> _EXERCISE PROMPT_:
For the entries that follow, produce an exact copy with no pictures in it.

== GIVEN RECORDS ==

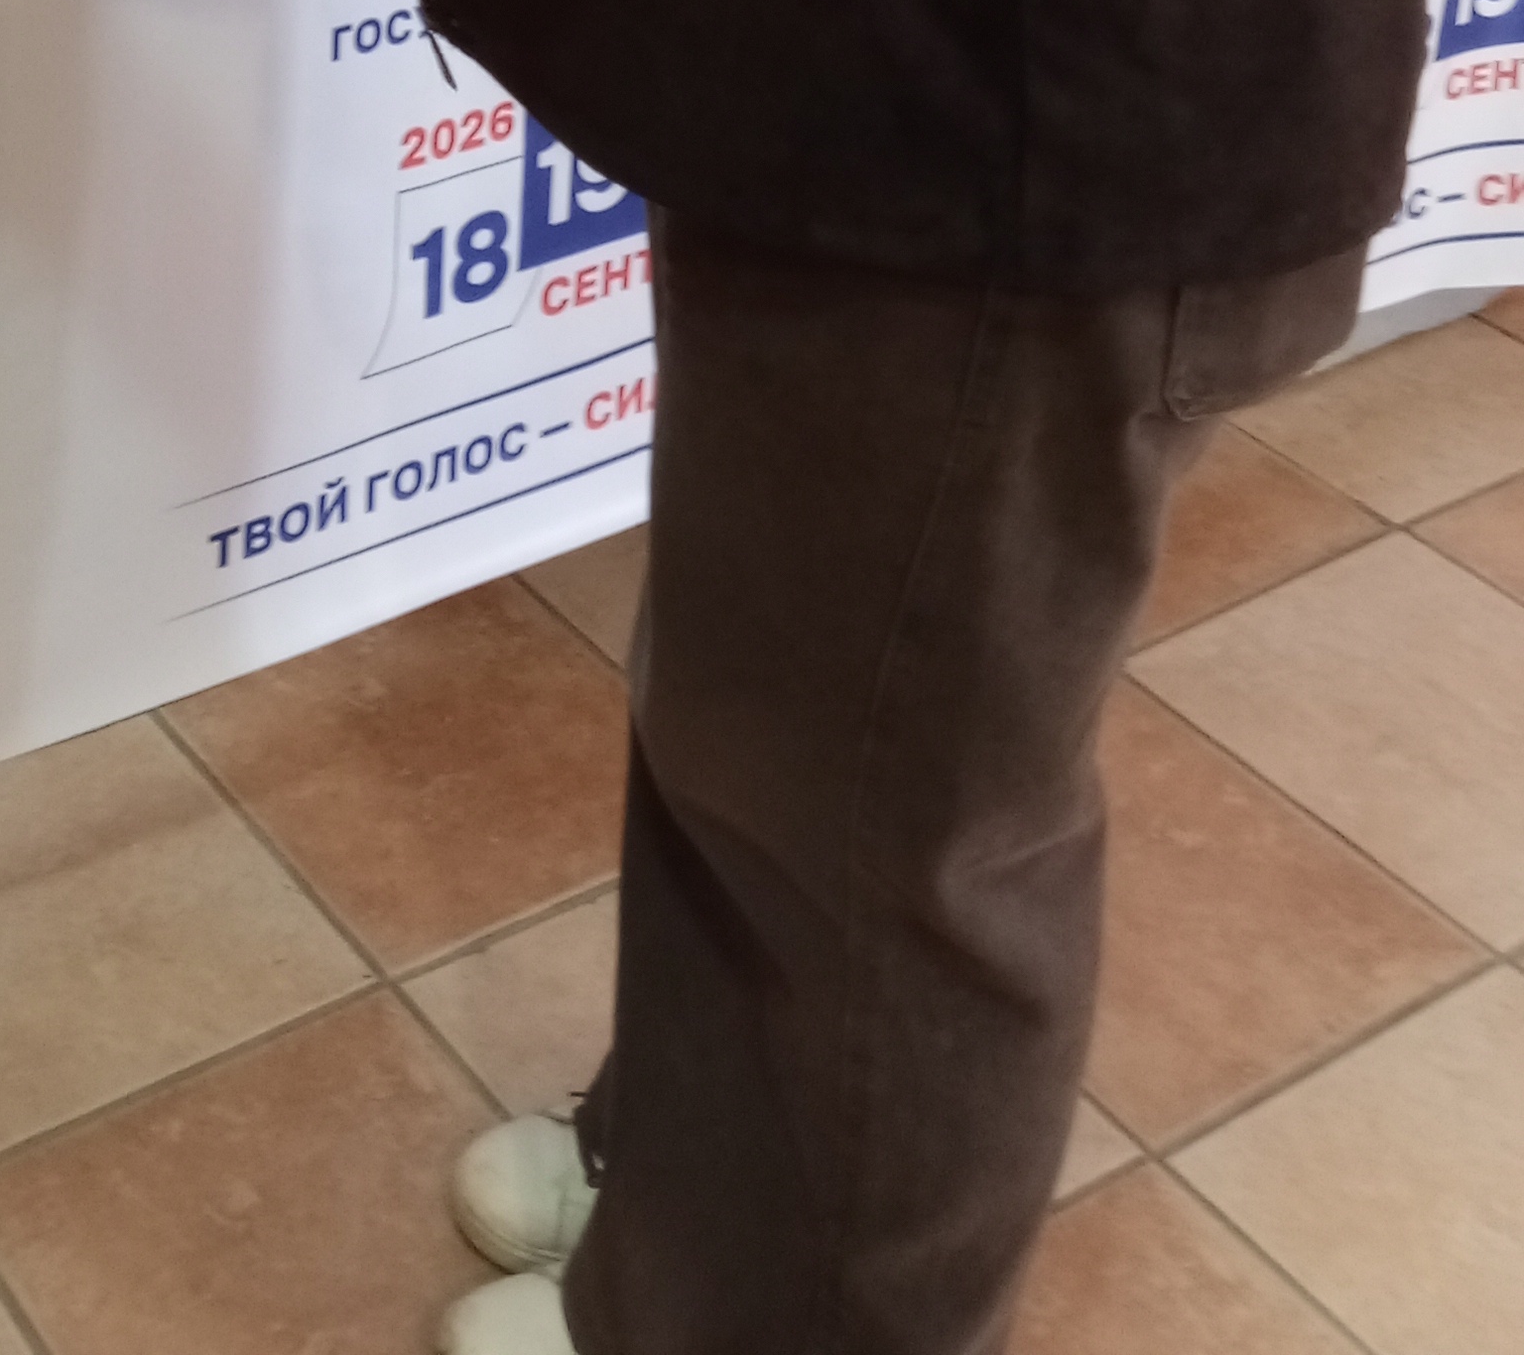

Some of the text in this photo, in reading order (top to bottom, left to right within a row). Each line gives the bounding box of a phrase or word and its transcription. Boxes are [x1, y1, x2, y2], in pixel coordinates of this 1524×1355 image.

[399, 100, 516, 171] 2026
[410, 209, 510, 320] 18
[209, 475, 350, 569] ТВОЙ
[364, 422, 528, 514] ГОЛОС
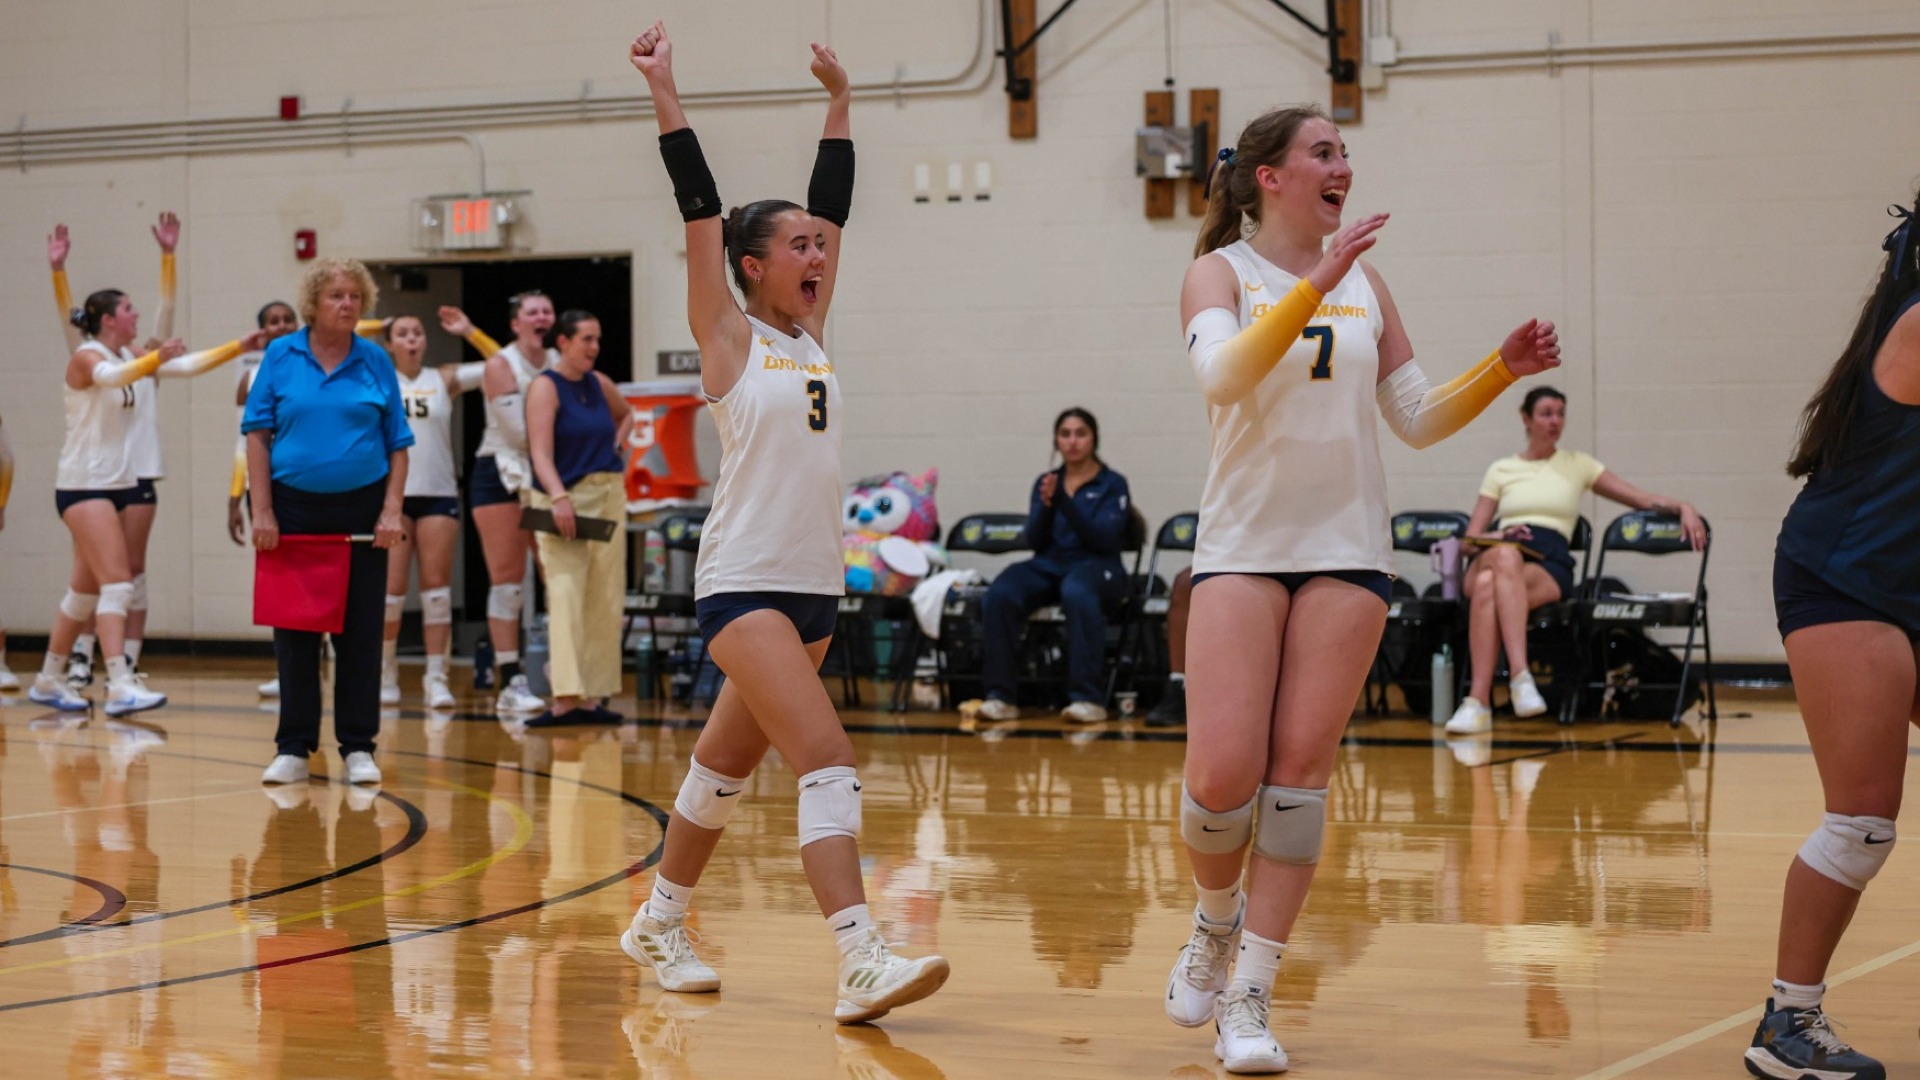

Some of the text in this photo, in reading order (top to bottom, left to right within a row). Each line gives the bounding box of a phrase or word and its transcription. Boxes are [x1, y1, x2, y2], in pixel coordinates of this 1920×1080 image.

===

> _WRITTEN ANSWER_:
Some of the text in this photo, in reading order (top to bottom, left to right within a row). Each line gives the bounding box of a phrase or word and its transcription. Boxes are [x1, y1, x2, y2], in pixel coordinates of this 1524×1355 image.

[399, 100, 516, 171] 2026
[410, 209, 510, 320] 18
[209, 475, 350, 569] ТВОЙ
[364, 422, 528, 514] ГОЛОС

Some of the text in this photo, in reading order (top to bottom, left to right within a row). Each line gives the bounding box of a phrase or word and its transcription. Boxes are [x1, y1, x2, y2], in pixel coordinates of this 1920×1080 image.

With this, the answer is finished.